__Task prompt__: Which lines run from the one containing "Some of the words" to the end of the records? Write them out exactly, both ends included, and nothing else.

Collected data

-*-

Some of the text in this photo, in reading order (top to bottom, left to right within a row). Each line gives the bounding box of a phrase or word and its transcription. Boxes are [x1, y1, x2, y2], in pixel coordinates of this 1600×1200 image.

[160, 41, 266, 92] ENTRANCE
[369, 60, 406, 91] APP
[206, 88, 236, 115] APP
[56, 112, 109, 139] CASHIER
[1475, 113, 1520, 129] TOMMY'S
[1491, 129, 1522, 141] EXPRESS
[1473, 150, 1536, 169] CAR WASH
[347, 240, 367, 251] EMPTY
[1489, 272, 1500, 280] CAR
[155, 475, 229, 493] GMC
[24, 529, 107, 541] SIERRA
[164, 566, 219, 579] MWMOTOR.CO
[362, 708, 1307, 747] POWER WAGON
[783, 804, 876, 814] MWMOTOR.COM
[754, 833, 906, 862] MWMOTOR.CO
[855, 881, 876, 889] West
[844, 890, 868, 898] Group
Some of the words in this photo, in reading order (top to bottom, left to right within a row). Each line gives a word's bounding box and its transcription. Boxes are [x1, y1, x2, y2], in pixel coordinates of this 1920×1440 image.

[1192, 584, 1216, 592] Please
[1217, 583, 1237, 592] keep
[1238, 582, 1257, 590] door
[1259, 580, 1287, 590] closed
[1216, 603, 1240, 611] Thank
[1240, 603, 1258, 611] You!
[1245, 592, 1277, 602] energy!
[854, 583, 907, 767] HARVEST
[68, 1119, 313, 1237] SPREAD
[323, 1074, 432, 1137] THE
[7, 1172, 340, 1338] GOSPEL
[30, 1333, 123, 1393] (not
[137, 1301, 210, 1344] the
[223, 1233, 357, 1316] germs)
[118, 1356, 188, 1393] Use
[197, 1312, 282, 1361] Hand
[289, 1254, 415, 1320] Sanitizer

-*-

__Answer to this exercise__:
Some of the words in this photo, in reading order (top to bottom, left to right within a row). Each line gives a word's bounding box and its transcription. Boxes are [x1, y1, x2, y2], in pixel coordinates of this 1920×1440 image.

[1192, 584, 1216, 592] Please
[1217, 583, 1237, 592] keep
[1238, 582, 1257, 590] door
[1259, 580, 1287, 590] closed
[1216, 603, 1240, 611] Thank
[1240, 603, 1258, 611] You!
[1245, 592, 1277, 602] energy!
[854, 583, 907, 767] HARVEST
[68, 1119, 313, 1237] SPREAD
[323, 1074, 432, 1137] THE
[7, 1172, 340, 1338] GOSPEL
[30, 1333, 123, 1393] (not
[137, 1301, 210, 1344] the
[223, 1233, 357, 1316] germs)
[118, 1356, 188, 1393] Use
[197, 1312, 282, 1361] Hand
[289, 1254, 415, 1320] Sanitizer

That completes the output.